I read like a thirsty person drinking from a deep well, and I was able to spend extended time in the Bible, praying, thinking, just...being.

I ran again. (More on that when it comes...in a few more posts.)

I felt so....alive!

Which begs the question: What was I, then, when I was here in the States?
Before I left, I was working two jobs, meeting with people every chance I had, doing lots of odds and ends preparing for Cameroon, and I fell asleep exhausted early into many mornings, still with a to do list a mile long. I was definitely surviving, but I would not recommend that as living for a long period of time!

As I look towards going back to Cameroon again, I am faced with my memories of that hard time just before I left. Suffice it to say that, whatever you believe about the Enemy, my experiences in that time made him very real to me, as he targeted every weakness, and many weaknesses of those closest to me when he couldn't get to me directly. It is only through God's great love that I made it through that challenging time, and the dedication of friends who believe in the calling on my life as much as (and sometimes more than) I do.

As I persevere in living a life of quietness and rest (not to say I don't work, but where work and rest both have their value and their place), I have to admit I am nervous about going through the pre-field time again. I still feel alive, and in touch with who I am in Christ. I listen to the part of me that will say, "Enough! No more for today!" and I go home, turning down social things if I need to rest.
I am praying that, as the time to return gets closer, that I will have enough advance notice that it will be able to be less intense.

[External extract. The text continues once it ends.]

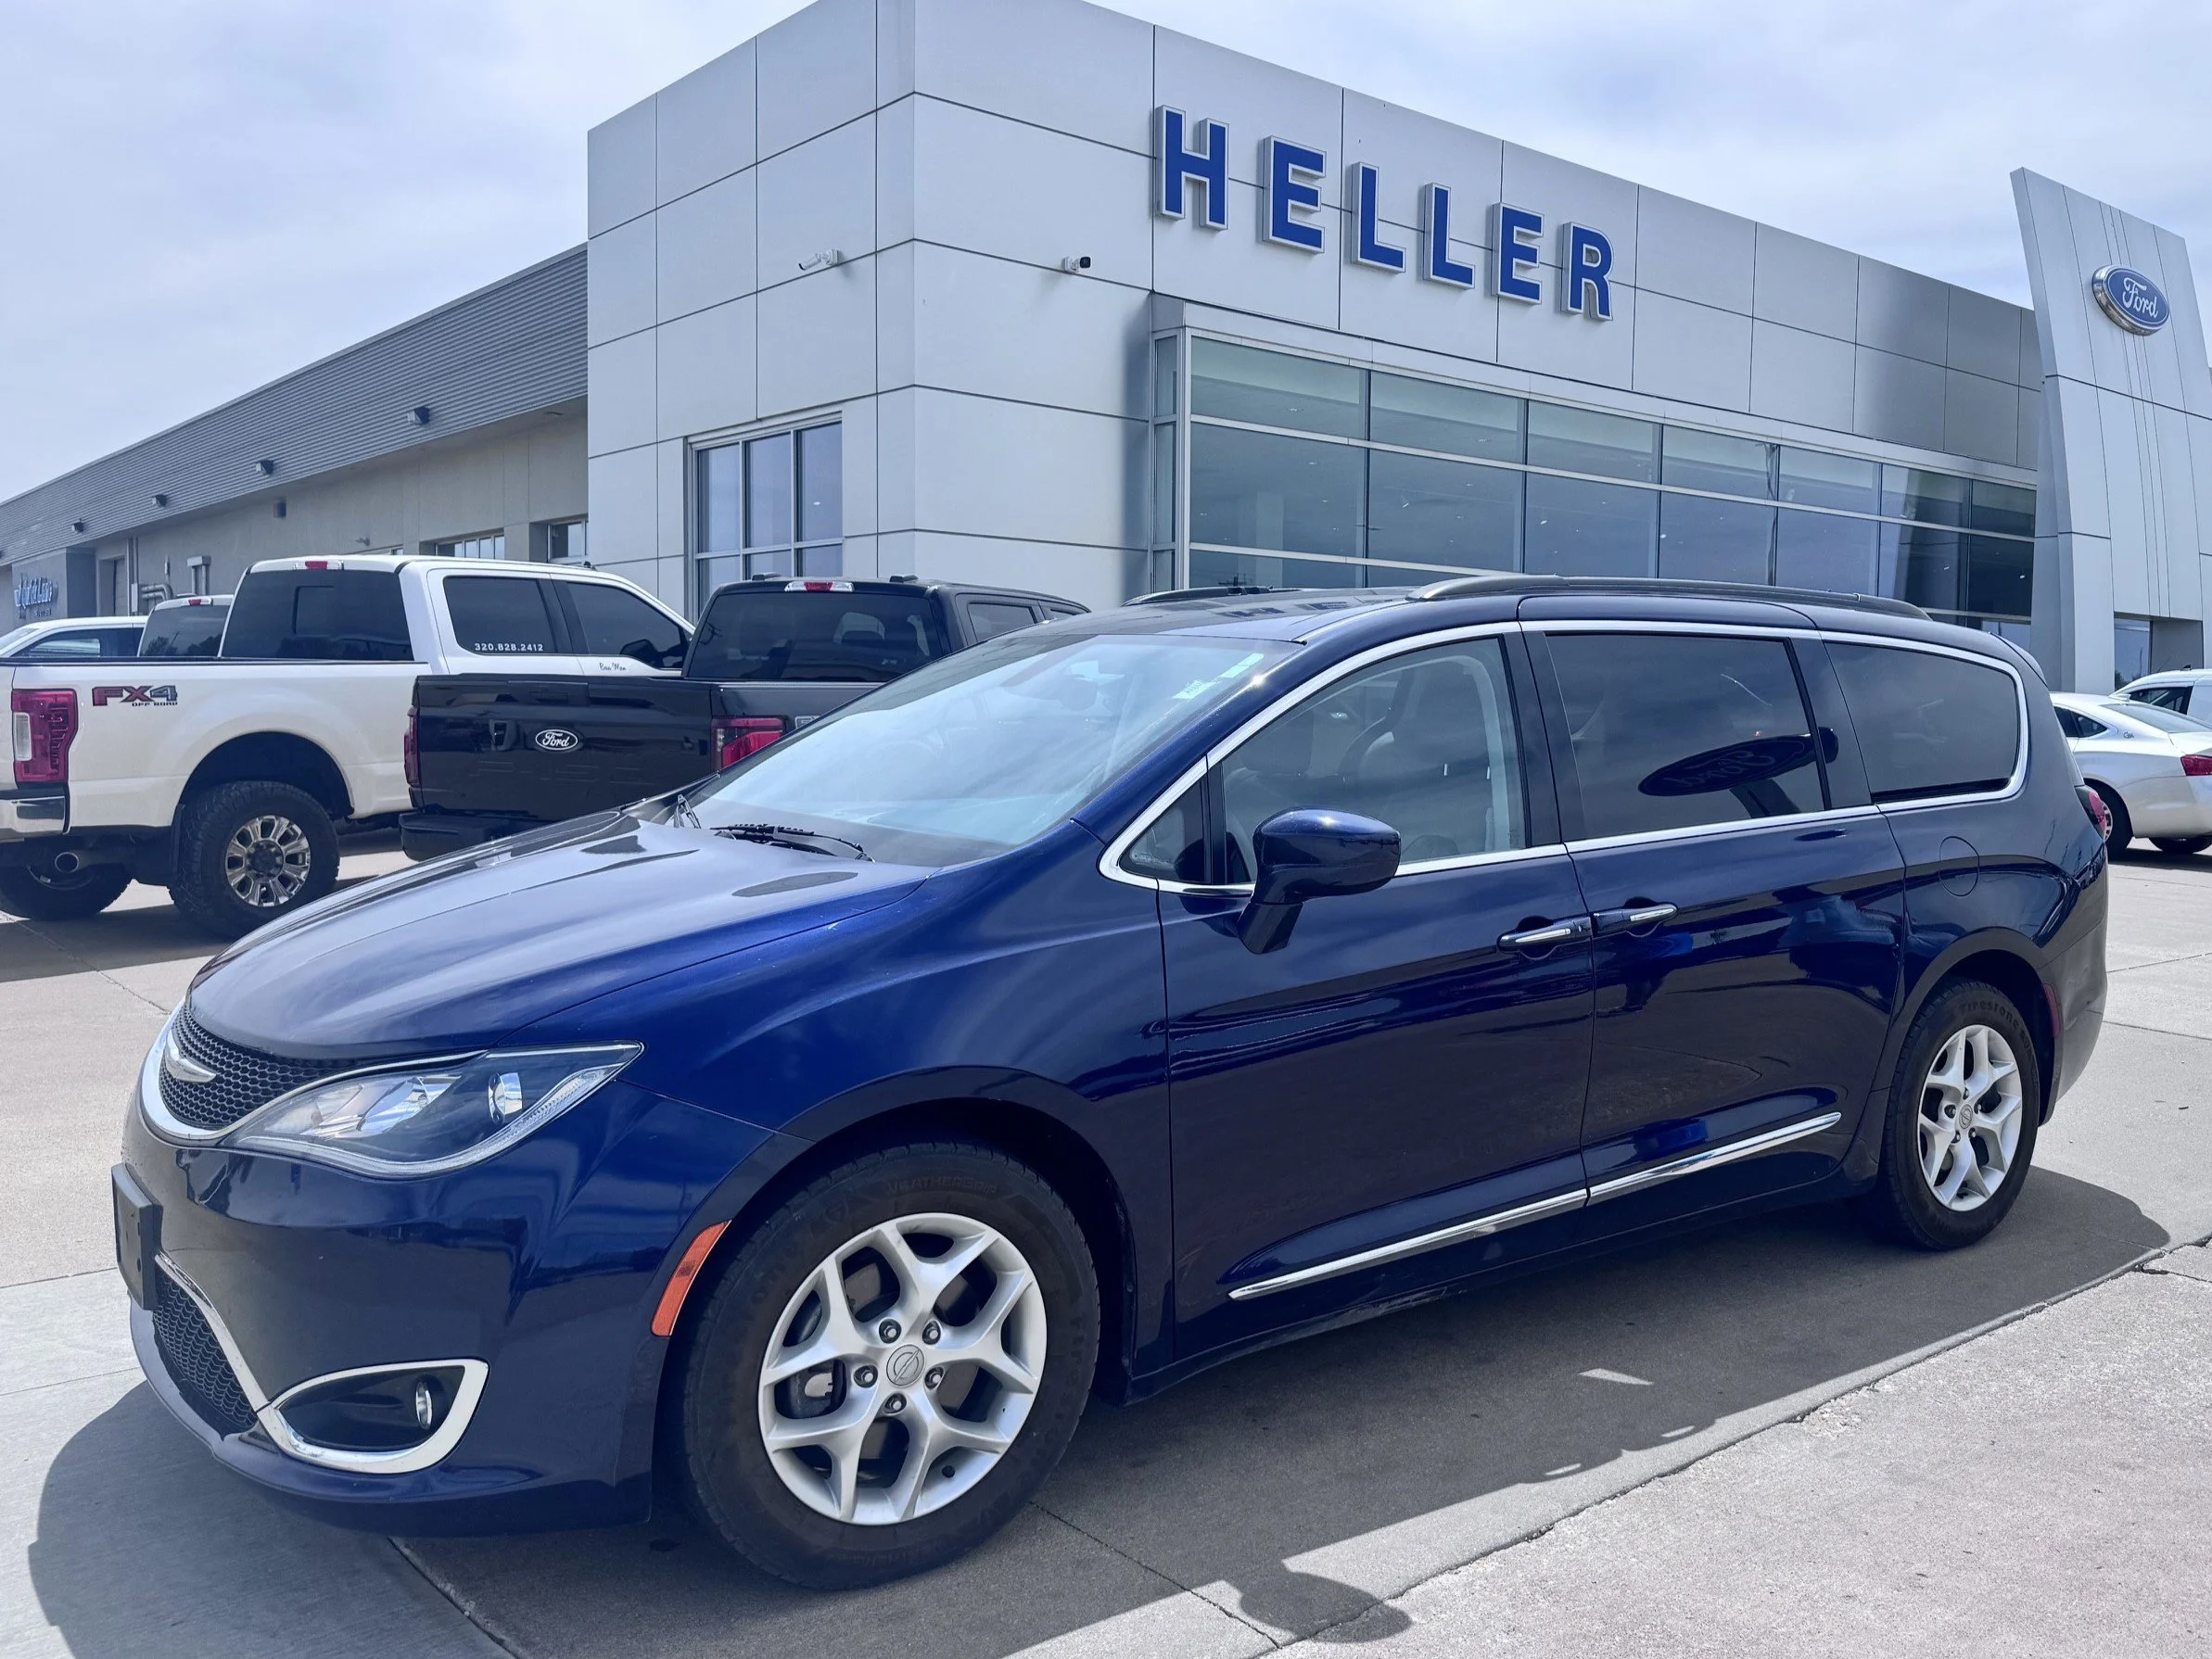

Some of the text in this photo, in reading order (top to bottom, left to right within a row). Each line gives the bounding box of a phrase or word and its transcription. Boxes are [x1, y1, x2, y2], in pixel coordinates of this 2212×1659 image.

The most important thing I have learned, I think, is that I must entrust the schedule, and the to do list, to God. He really can make sure that everything gets done, as long as I am obedient to listen for when I need to tackle the tasks I don't especially relish. If I commit to that, I will be able to get enough rest (both mentally and sleep), which will make me able to be more efficient and fully present in all of the other things.

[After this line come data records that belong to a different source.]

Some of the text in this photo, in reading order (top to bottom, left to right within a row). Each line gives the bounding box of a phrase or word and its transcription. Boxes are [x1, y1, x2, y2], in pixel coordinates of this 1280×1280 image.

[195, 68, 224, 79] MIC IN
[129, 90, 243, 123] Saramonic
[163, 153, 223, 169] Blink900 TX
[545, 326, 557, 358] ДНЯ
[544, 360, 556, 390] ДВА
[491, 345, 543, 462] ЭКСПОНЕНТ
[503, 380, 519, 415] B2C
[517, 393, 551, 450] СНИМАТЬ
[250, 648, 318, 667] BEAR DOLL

So, then, it all boils down to trust, and giving up control. Which is also what got me through my initial adjustment to life in the rainforest of Cameroon. :-)

Until next time.

Saturday, August 11, 2012

Thoughts on.... From my journal on 11/19/11

From my journal on 11/19/11
My prayer, in the midst of trying to adjust and feeling overwhelmed in a new (in every way) world:
"Lord, I need you to lead me. The enemy wants to steal my peace by keeping me distracted when I try to do too much. I will aggressively pursue peace here in Cameroon. Show me only what you want me to do here. Give me the freedom to do just and only those things, and free me from feeling guilty for not doing the things you do not call me to do. Amen."

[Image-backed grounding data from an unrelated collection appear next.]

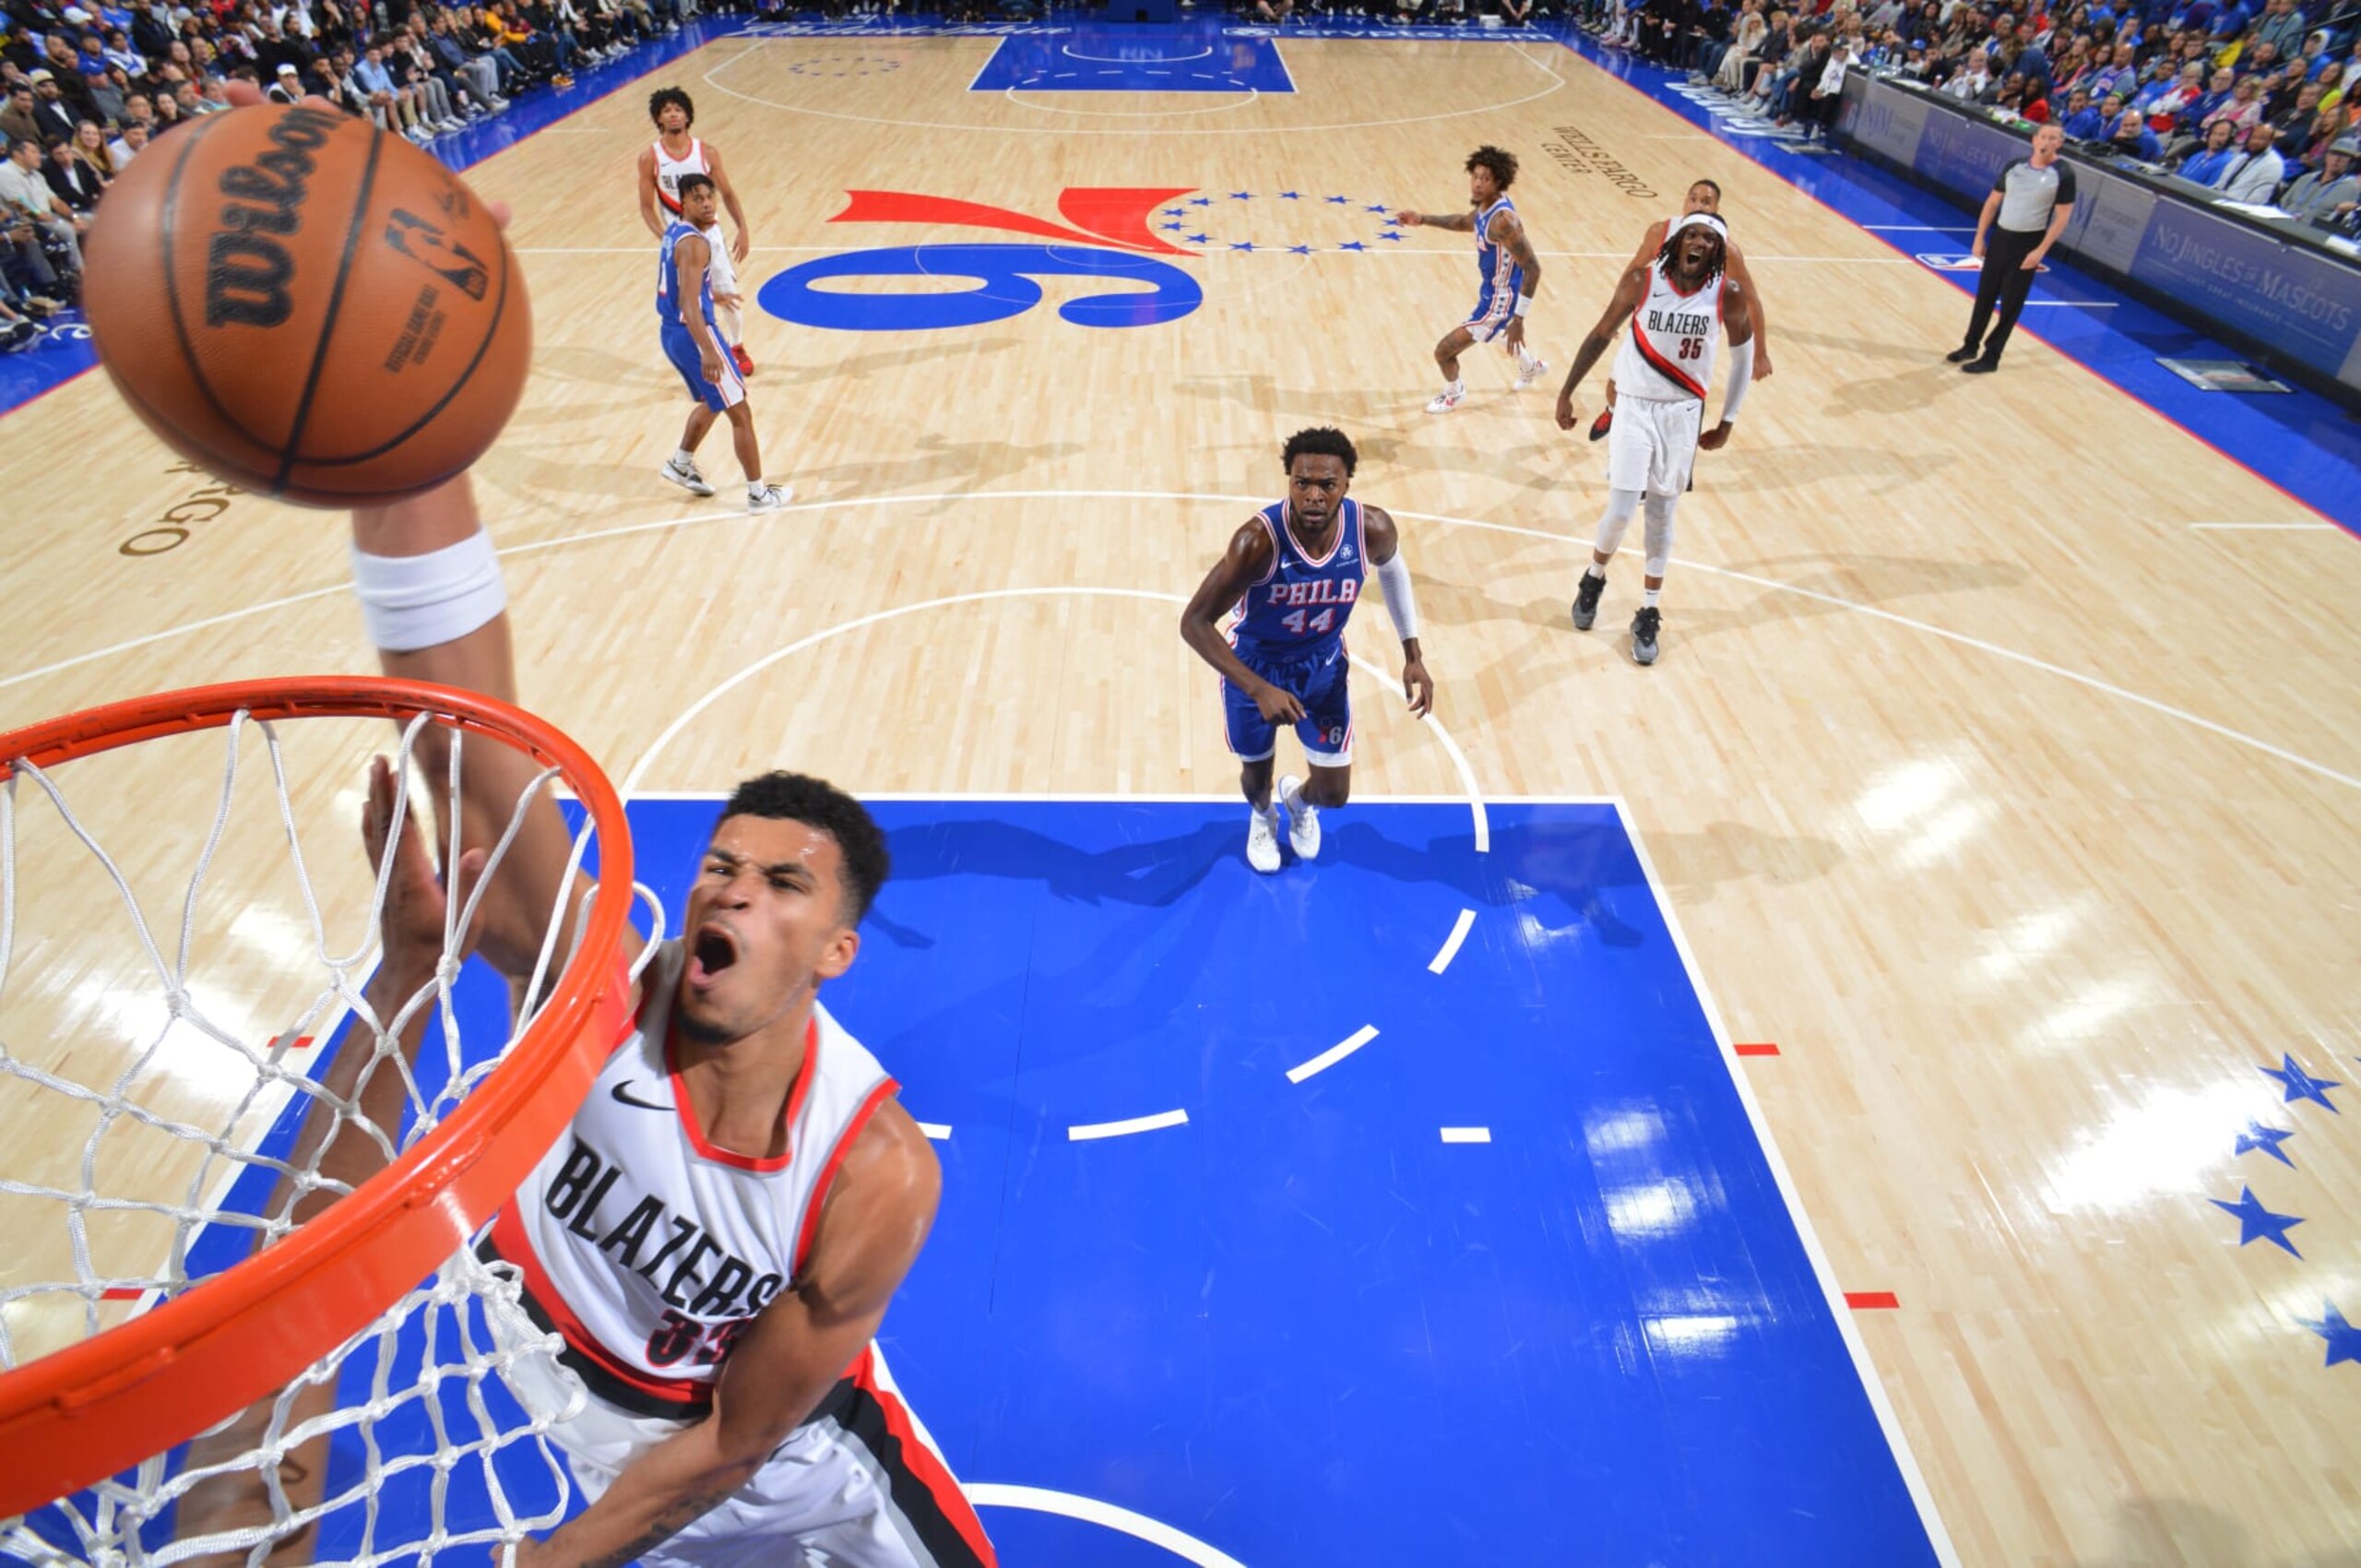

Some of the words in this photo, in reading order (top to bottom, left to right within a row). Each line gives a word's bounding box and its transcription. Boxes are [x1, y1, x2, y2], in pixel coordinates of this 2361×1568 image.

[1296, 30, 1554, 41] crypto.com
[1541, 143, 1592, 173] CENTER
[1552, 125, 1610, 159] WELLS
[1589, 160, 1658, 198] FARGO
[207, 108, 350, 328] Wilson
[2255, 270, 2351, 331] MASCOTS
[1647, 308, 1710, 336] BLAZERS
[1679, 338, 1703, 360] 35
[1267, 578, 1358, 606] PHILA
[1280, 608, 1337, 634] 44
[545, 1127, 783, 1317] BLAZERS
[646, 1309, 753, 1367] 33

My time in Cameroon was used to show my task-oriented self what a work-a-holic I was/am. It also illuminated my addiction to the pace of life in America.
Africa is slow - well at least it was in the rainforest of Cameroon.
Being in such a starkly different environment was like what I have heard drug withdrawals are like. And it was rough for a while as I made it my daily work to adjust to this new, other, different world. But then, one day, the withdrawals were over. And it was beautiful! I had time!
I had time to read my Bible. I had time to intercede and pray for friends and family. I had time to read for my general enjoyment and growth. I had time to be creative - it was SO WONDERFUL!
I have managed to cultivate most of those habits now that I am settled in back here at home. Still working on some aspects (like getting enough physical activity). But I have an awareness I never before had about my time.
Now that I am (and have been for a while) back in the States, I am glad that I cannot adjust back to American pace. And it is not just that I liked "African time" (like island time) because of my running late tendencies.
I actually get to most things relatively on time these days - because I don't say yes to everything anymore.
Before, when I was in the States, I had learned the value of saying no, and had used it some. But I still said yes to far too much, and was always stressed and usually late. I didn't give people the time and my undivided attention that they deserved, because I was checking off hang outs like tasks on a to-do list. Not that I didn't love my time with people, but I couldn't get out of that mindset.
It is funny now, because people are like, "Oh, when you aren't busy, let me know!"
And I try to tell them, "I am actually not busy at all. I am home a lot. I work some during the day, but I have a lot of availability generally."
It feels really good, really freeing to say that.
So, if you want to hang out, you know how to reach me. I am available. :-)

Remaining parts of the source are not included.